Mom stands up, walks to the kitchen, and says, “All right,
well I guess we’re done here. Before any of you go back upstairs, I want chores
finished.”

We all groan but we know better than to argue.

***

“Hey, Ro,” I say, walking up to the purple-haired girl I
call my best friend.

“Hello, Anna,” she says, laughing at me.

“So, guess what you’re doing this weekend?”

She gives me a look. “Going to work and then going home to
chill on the couch?”

“Nope! You’re helping me out at my mom’s Fall Fest!” I
proclaim, trying to make it sound way more fun than it really is.

“No, I am not.” She narrows her eyes at me.

I bite my lip. “I may have already signed you up.”

“Anna!” she practically yells. “Why would you sign me up for
something like that?”

“’Cause I wanted to do it with you!”

She gets a salacious smile on her face. “Everybody does.”

I burst out laughing when she wiggles her eyebrows at a guy
walking past us.

“I think that kid just pissed his pants,” I say, watching
him do a running walk to get away from us.

“Eh, what can I say? Sometimes the excitement gets to be too
much for the young ones.”

She shrugs modestly as she loads more books into her
backpack.

I purposely waited until now, at the end of the day on
Friday, to tell her about this weekend, but I’d spent the week making sure she
wouldn’t be busy. I’m just sneaky like that. I knew that if I told her about it
before now, she’d make plans to get out of it.

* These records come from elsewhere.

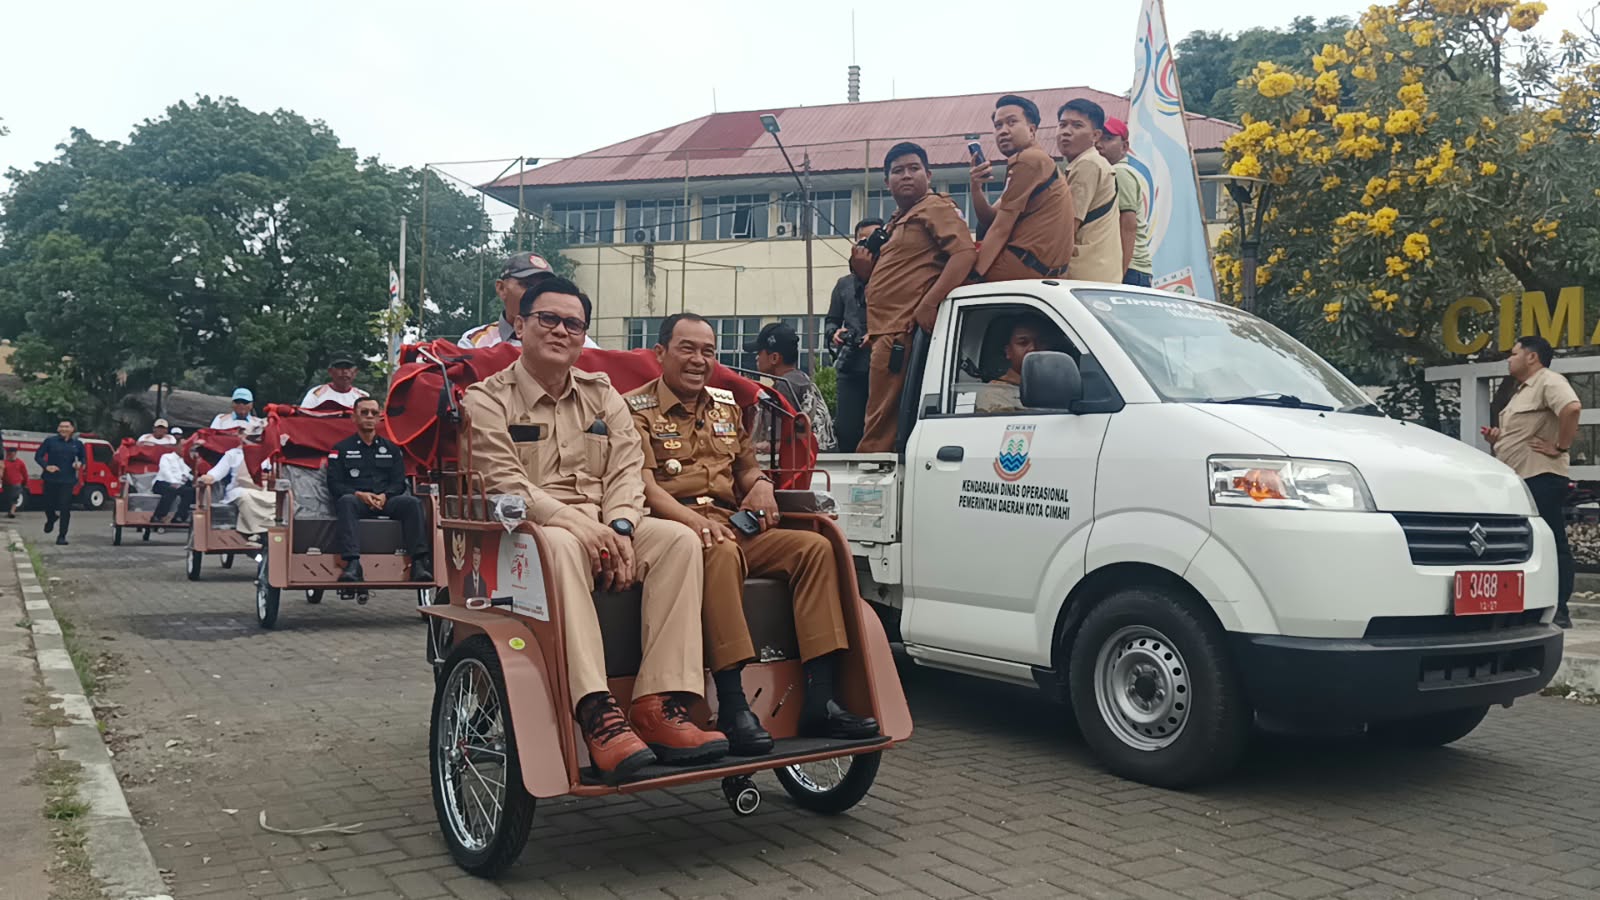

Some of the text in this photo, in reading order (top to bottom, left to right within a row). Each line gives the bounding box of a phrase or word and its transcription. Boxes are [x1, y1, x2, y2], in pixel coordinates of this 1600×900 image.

[1109, 296, 1183, 309] CIMAHI
[961, 480, 1069, 503] KENDARAAN DINAS OPERASIONAL
[959, 495, 1070, 520] PEMERINTAH DAERAH KOTA CIMAHI
[1470, 573, 1498, 598] 3488
[1517, 573, 1523, 597] T
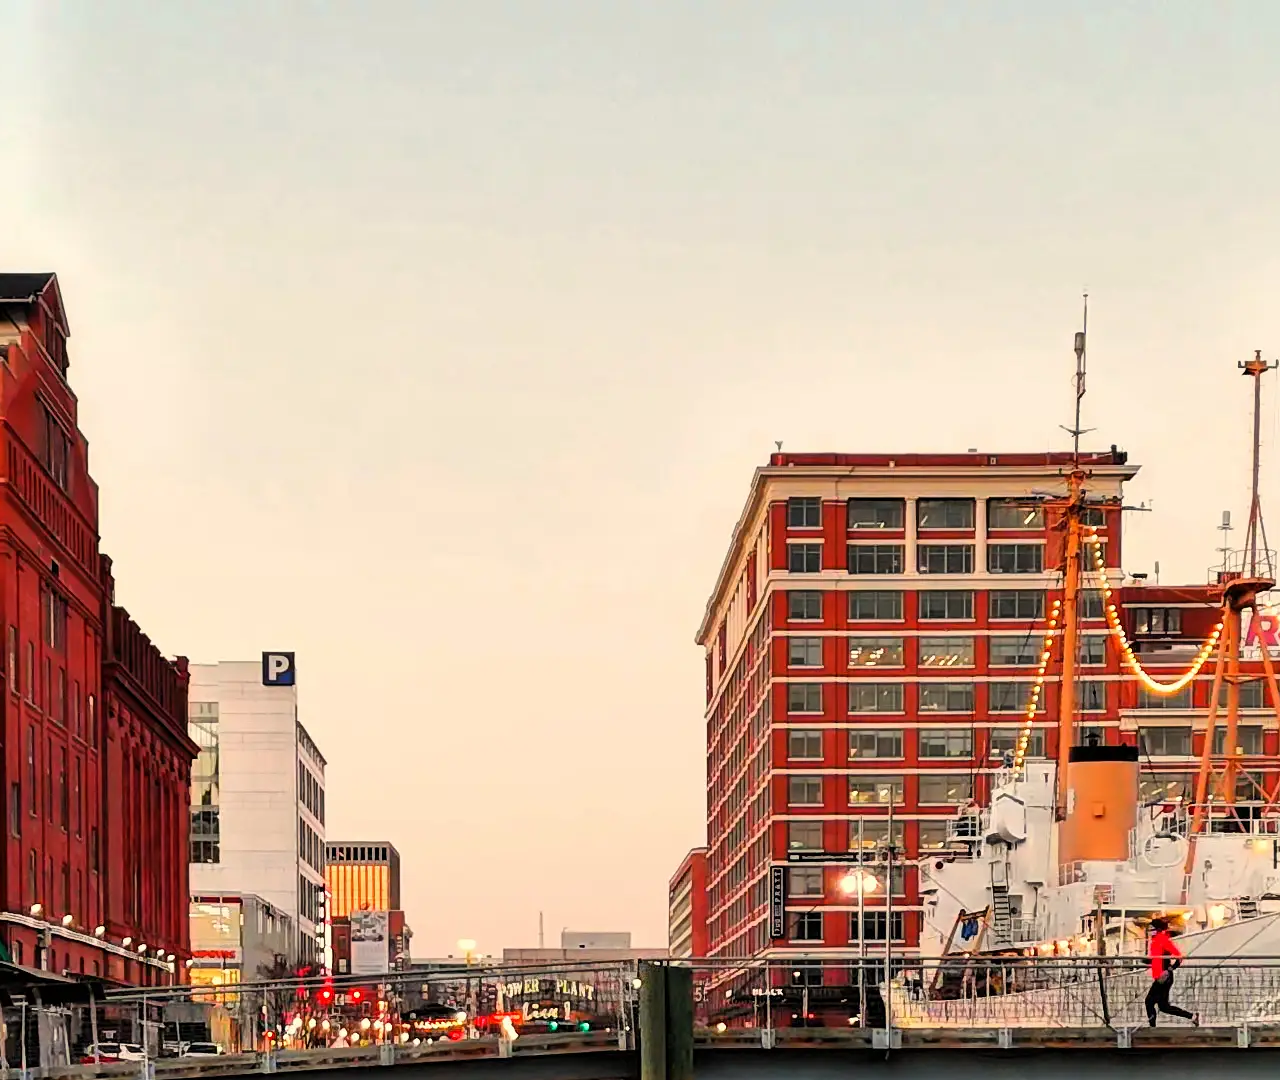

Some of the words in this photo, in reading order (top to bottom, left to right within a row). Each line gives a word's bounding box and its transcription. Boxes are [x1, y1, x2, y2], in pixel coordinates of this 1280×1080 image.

[269, 655, 289, 680] P
[499, 978, 539, 998] POWER
[556, 979, 595, 1000] PLANT
[752, 988, 784, 996] BLACK

“Anyway, please help out. It’s really not that bad and we
got a pretty easy booth,” I say, pouting a little.

Her nose wrinkles and a sigh escapes her lips before she
nods. “Fine. I’ll go, but I’m not looking forward to it.” I squeal and throw my
arms around her shoulders. “You owe me cookies or something,” she adds.

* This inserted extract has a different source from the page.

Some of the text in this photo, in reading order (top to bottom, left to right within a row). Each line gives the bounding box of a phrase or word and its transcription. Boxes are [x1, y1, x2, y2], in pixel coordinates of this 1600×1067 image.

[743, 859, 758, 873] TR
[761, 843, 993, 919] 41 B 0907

I laugh and nod before backing up and heading down the
hallway. “I will see you tomorrow morning,” I call out.

“Yeah, yeah. Just go!” she yells back, laughing.

Chapter Two

Fall Fun Fest

I think my greatest pet peeve is waiting. I hate having to
be patient for people. And yet, I’m sitting here, tapping on the steering wheel
of my cherry-red Toyota Corolla, waiting anxiously for Ro to come downstairs.
She lives in a little two-bedroom apartment with her alcoholic mother who
regularly has strange men over. Which I guess is why Ro spends a lot of time at
my house.

I called her twenty minutes ago to meet me downstairs and
she told me to give her five minutes. Ro’s never on time, no matter what. I
know that, her professors know that, her boss knows that. Everybody knows to
depend on Ro showing up late. I think most of us have learned to tell her
things a few minutes, or hours, early in the hope that she’ll be ready by the
real deadline. That clearly wasn’t happening this morning.

After another ten minutes, I honk my horn. Finally, a flash
of purple darts out the door and into my car. “Oh my god, you were supposed to
be out here, like, an hour ago,” I complain, pulling away from the curb.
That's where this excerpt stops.